▸ Task to complete
When a picture appears among the records, leave it out, and copy all else exactly.

***** Entries provided

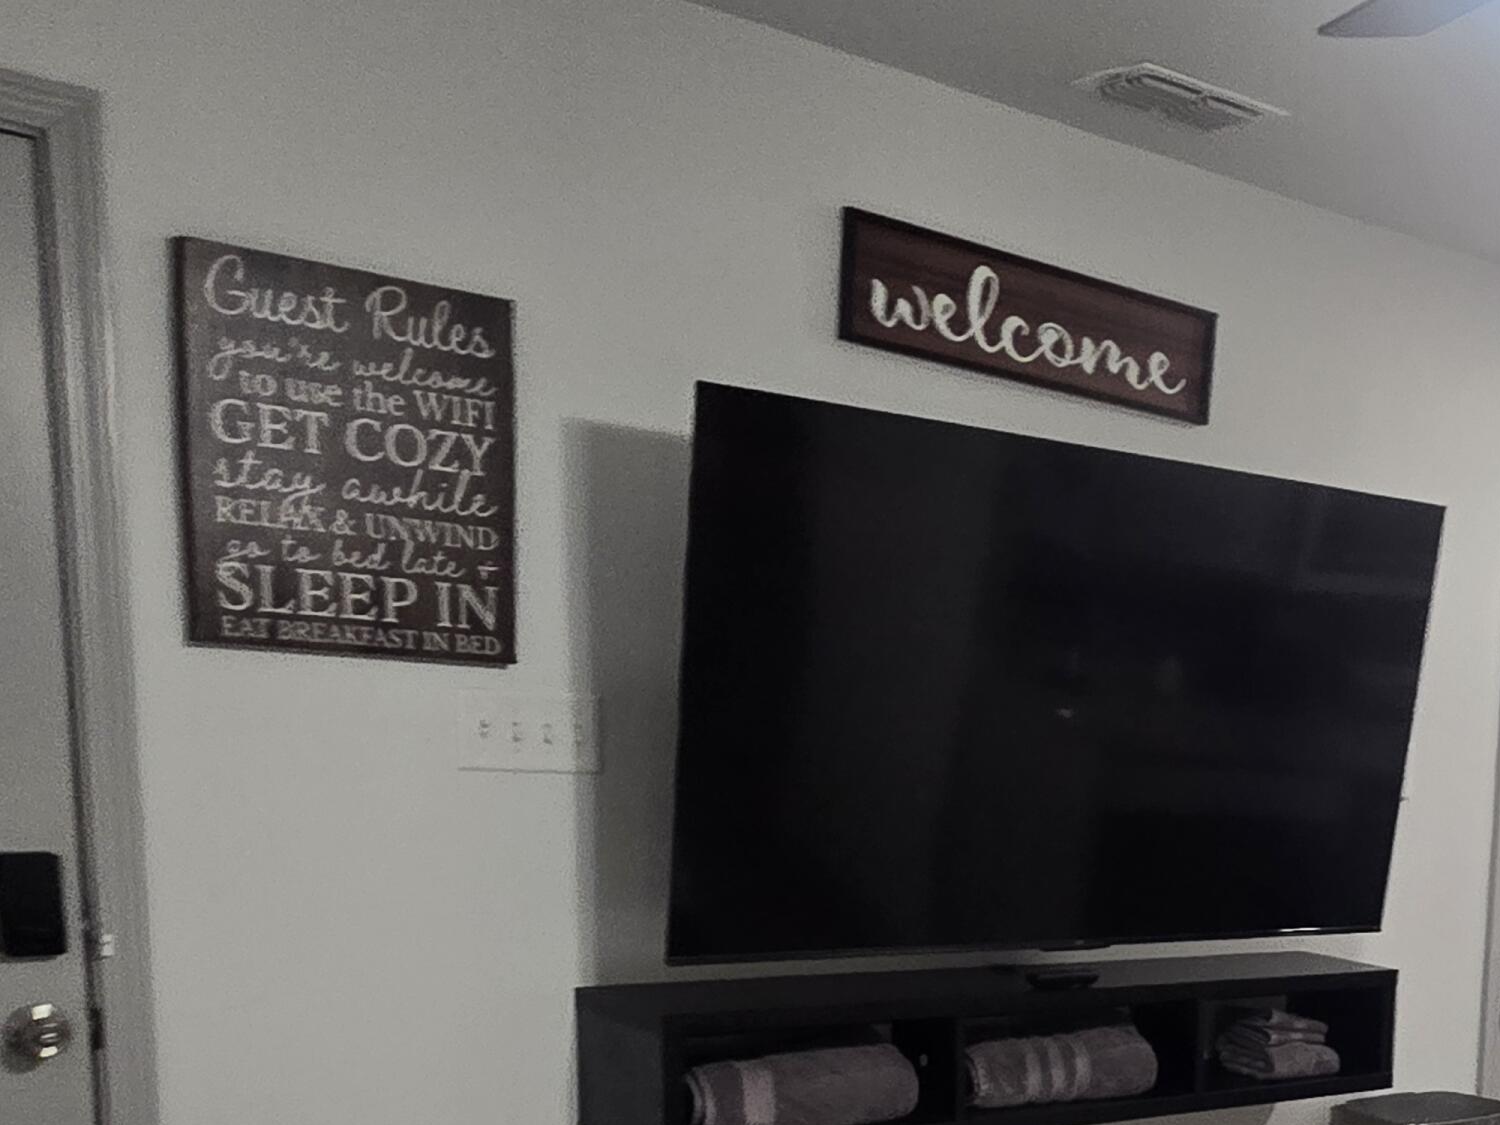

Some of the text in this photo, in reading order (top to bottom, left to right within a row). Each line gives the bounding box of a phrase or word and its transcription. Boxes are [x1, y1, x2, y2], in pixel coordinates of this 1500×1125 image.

[204, 254, 496, 359] Guest Rules
[870, 265, 1187, 395] welcome
[352, 348, 498, 397] welcome
[352, 381, 406, 417] the
[413, 390, 496, 431] WIFI
[209, 398, 497, 477] GET COZY
[213, 449, 498, 518] stay awhile
[332, 539, 391, 571] bed
[402, 538, 467, 579] late
[365, 513, 499, 550] UNWIND
[215, 560, 500, 632] SLEEP IN
[219, 614, 501, 656] EAT BREAKFAST IN BED

**********

▸ Task result
Some of the text in this photo, in reading order (top to bottom, left to right within a row). Each line gives the bounding box of a phrase or word and its transcription. Boxes are [x1, y1, x2, y2], in pixel coordinates of this 1500×1125 image.

[204, 254, 496, 359] Guest Rules
[870, 265, 1187, 395] welcome
[352, 348, 498, 397] welcome
[352, 381, 406, 417] the
[413, 390, 496, 431] WIFI
[209, 398, 497, 477] GET COZY
[213, 449, 498, 518] stay awhile
[332, 539, 391, 571] bed
[402, 538, 467, 579] late
[365, 513, 499, 550] UNWIND
[215, 560, 500, 632] SLEEP IN
[219, 614, 501, 656] EAT BREAKFAST IN BED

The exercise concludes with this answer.